Researchers introduce EpiMer, a novel framework for merging machine learning models by treating it as a geometric optimization problem on Riemannian manifolds. The method uses low-rank task vectors and curvature information to improve knowledge integration without retraining, demonstrating superior performance when merging fine-tuned CLIP-ViT models across multiple image classification tasks.
EpiMer addresses a fundamental challenge in machine learning: how to efficiently combine knowledge from multiple specialized models without the computational cost of retraining. The framework's geometric perspective—casting model merging as finding the Fréchet mean on a Riemannian manifold—provides theoretical grounding for why considering the loss landscape's curvature matters. By restricting computation to low-rank subspaces spanned by task vectors, the approach maintains computational tractability while capturing essential geometric information.
The research builds on growing interest in parameter-efficient model adaptation and multi-task learning. As organizations increasingly fine-tune large foundation models for specific applications, the ability to merge these specialized models efficiently becomes economically valuable. Prior methods either ignored loss landscape geometry entirely or required expensive full-space Hessian computations, leaving a practical gap that EpiMer addresses.

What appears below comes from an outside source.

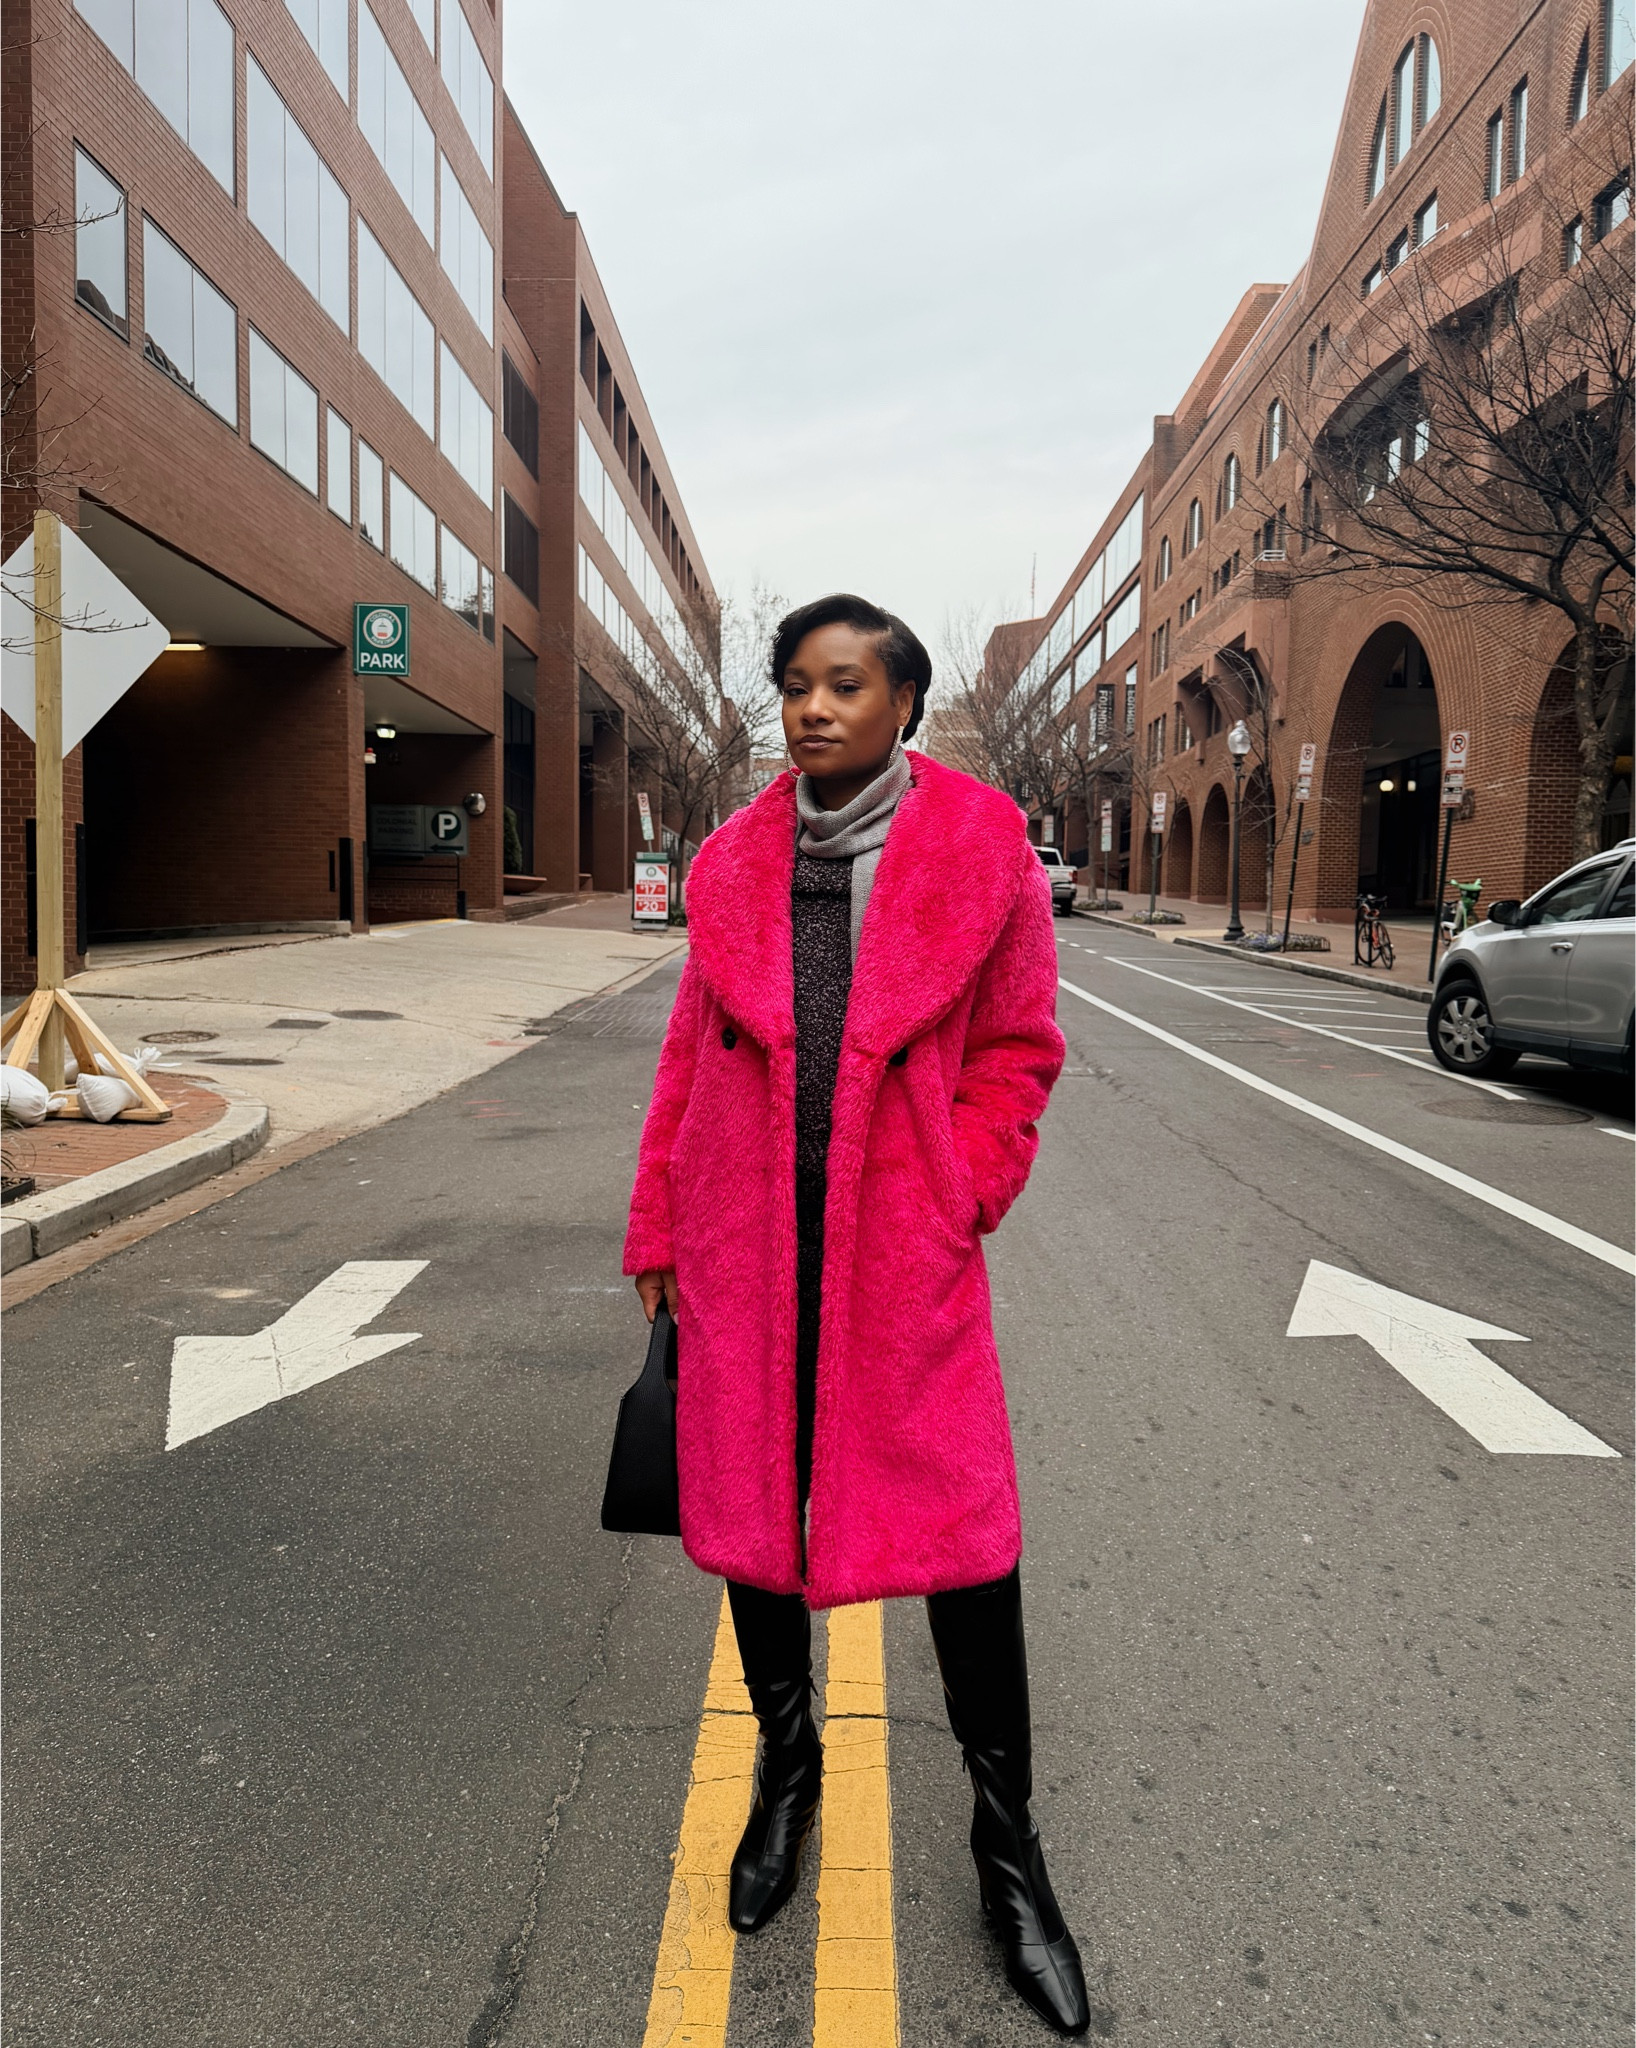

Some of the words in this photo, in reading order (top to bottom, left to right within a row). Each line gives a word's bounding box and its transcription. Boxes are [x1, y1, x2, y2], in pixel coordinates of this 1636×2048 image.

[360, 652, 405, 669] PARK
[1097, 690, 1109, 736] FOUNDRY
[438, 813, 458, 838] P

The theoretical contribution linking local curvature to epistemic uncertainty reveals why some parameter regions are more sensitive to merging decisions than others. The framework's ability to unify both curvature-aware and spectral methods under a single mathematical formulation demonstrates generality and provides cleaner theoretical characterization of when each approach excels.

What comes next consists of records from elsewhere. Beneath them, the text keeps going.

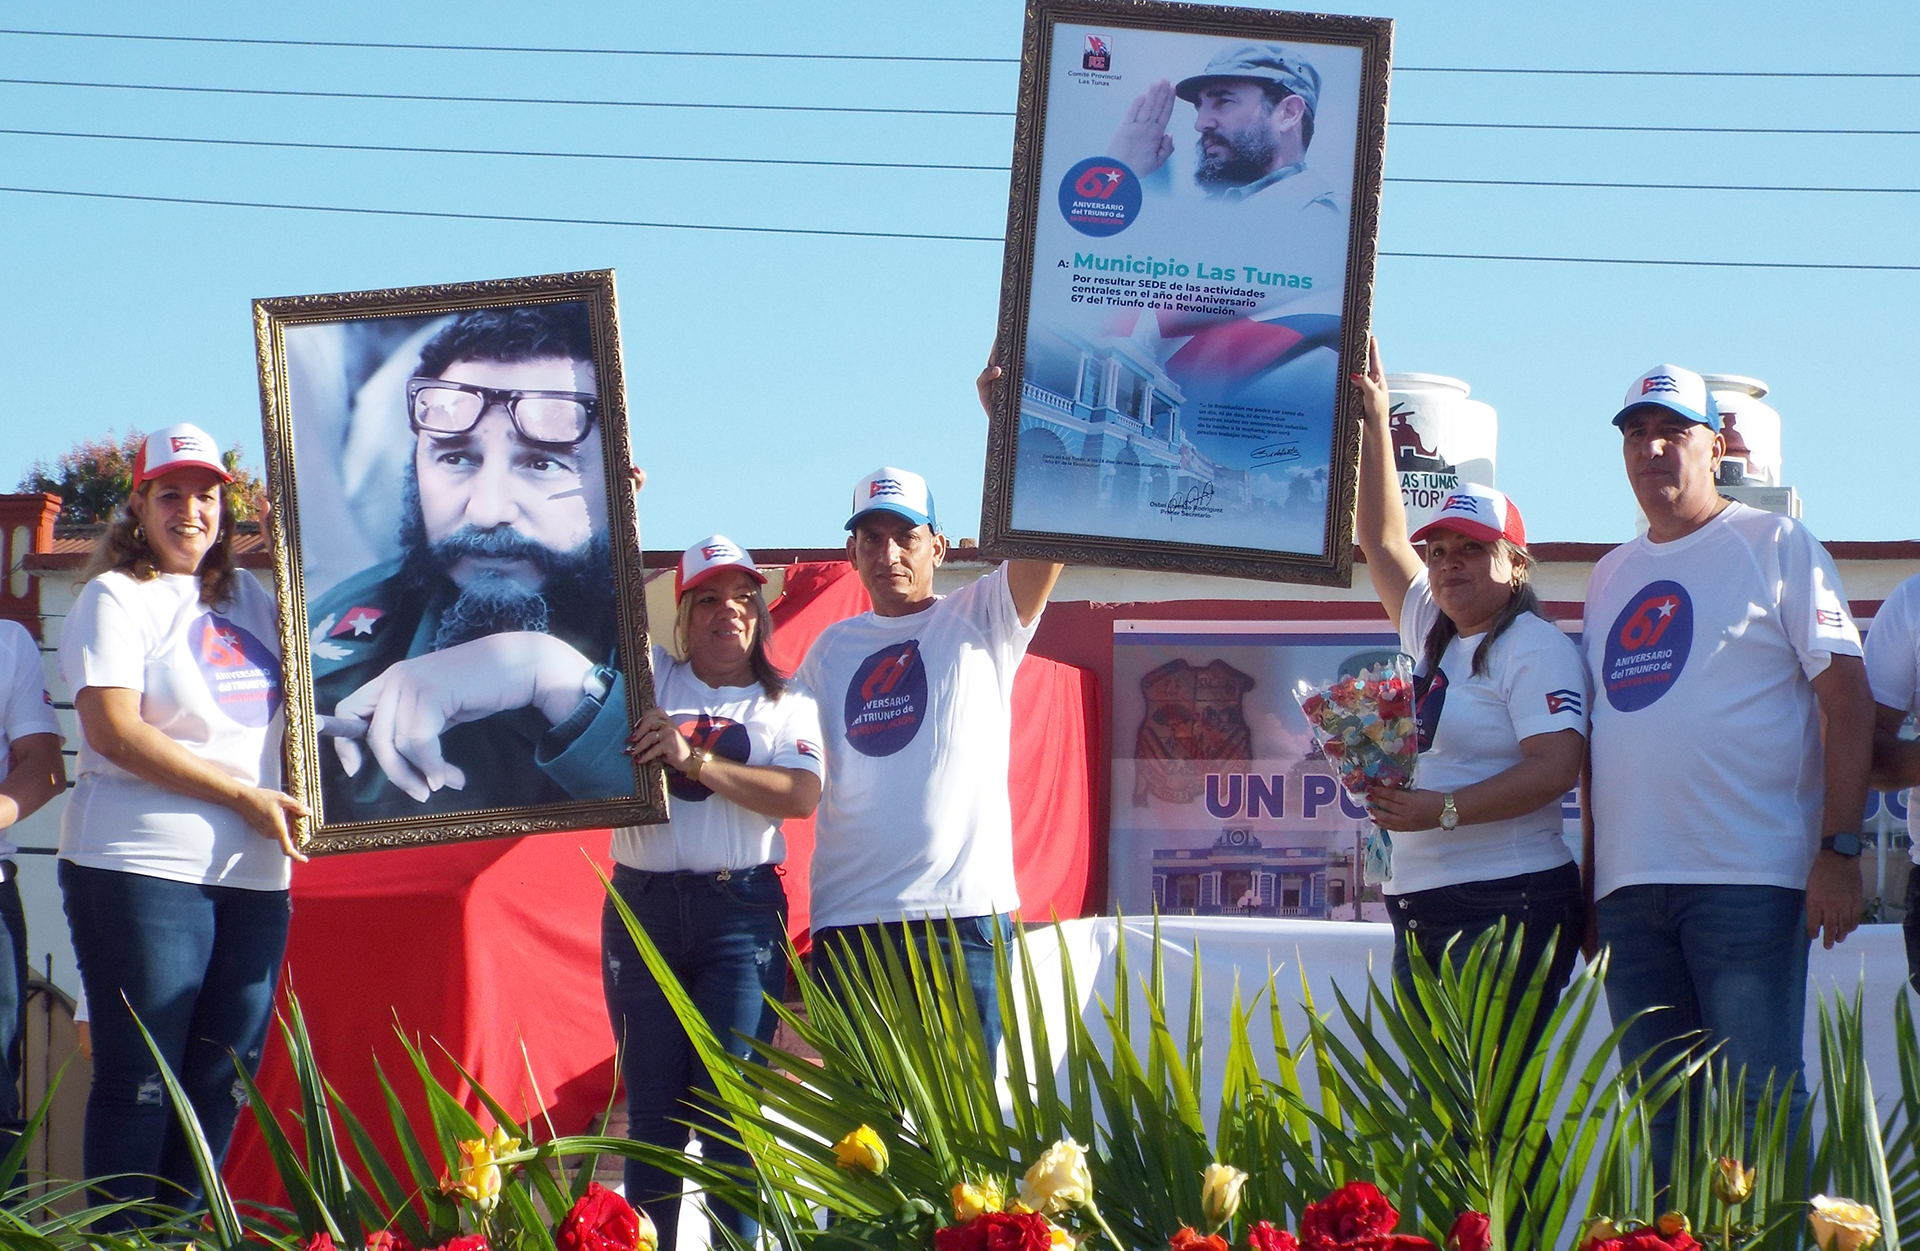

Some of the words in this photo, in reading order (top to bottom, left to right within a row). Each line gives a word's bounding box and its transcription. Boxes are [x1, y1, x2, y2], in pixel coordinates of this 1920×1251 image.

[1091, 72, 1122, 80] Provincial
[1075, 166, 1126, 199] 67
[1072, 201, 1124, 211] ANIVERSARIO
[1084, 209, 1115, 218] TRIUNFO
[1057, 260, 1069, 268] A:
[1074, 252, 1189, 279] Municipio
[1197, 262, 1235, 281] Las
[1243, 266, 1313, 289] Tunas
[1072, 274, 1091, 283] Por
[1094, 277, 1135, 287] resultar
[1138, 279, 1166, 289] SEDE
[1169, 282, 1183, 291] de
[1186, 283, 1200, 292] las
[1204, 286, 1265, 298] actividades
[1072, 285, 1121, 296] centrales
[1124, 289, 1137, 297] en
[1140, 289, 1150, 298] el
[1152, 290, 1173, 301] año
[1175, 293, 1192, 302] del
[1195, 295, 1256, 308] Aniversario
[1071, 295, 1084, 303] 67
[1086, 296, 1103, 304] del
[1106, 297, 1144, 308] Triunfo
[1147, 300, 1160, 309] de
[1163, 302, 1173, 310] la
[1176, 303, 1237, 316] Revolución.
[1214, 403, 1245, 411] Revolución
[1401, 473, 1419, 488] AS
[1421, 474, 1459, 490] TUNAS
[1401, 488, 1444, 508] CTOR
[1181, 510, 1211, 519] Secretario
[1620, 593, 1681, 652] 67
[1615, 649, 1672, 667] ANIVERSARIO
[215, 668, 270, 681] ANIVERSARIO
[1611, 668, 1623, 680] del
[1624, 662, 1660, 677] TRIUNFO
[1661, 661, 1672, 670] de
[218, 683, 232, 692] del
[231, 680, 267, 691] TRIUNFO
[863, 695, 910, 710] VERSARIO
[863, 709, 901, 722] TRIUNFO
[902, 705, 914, 714] de
[1205, 773, 1284, 820] UN

Empirical validation on CLIP-ViT models across eight image classification tasks shows consistent improvements over baselines at matched model capacity. The improvements in both average and worst-task accuracy indicate the method handles diverse task distributions effectively. For practitioners deploying multiple specialized models, this work suggests curvature-aware merging could reduce inference infrastructure costs while maintaining or improving performance.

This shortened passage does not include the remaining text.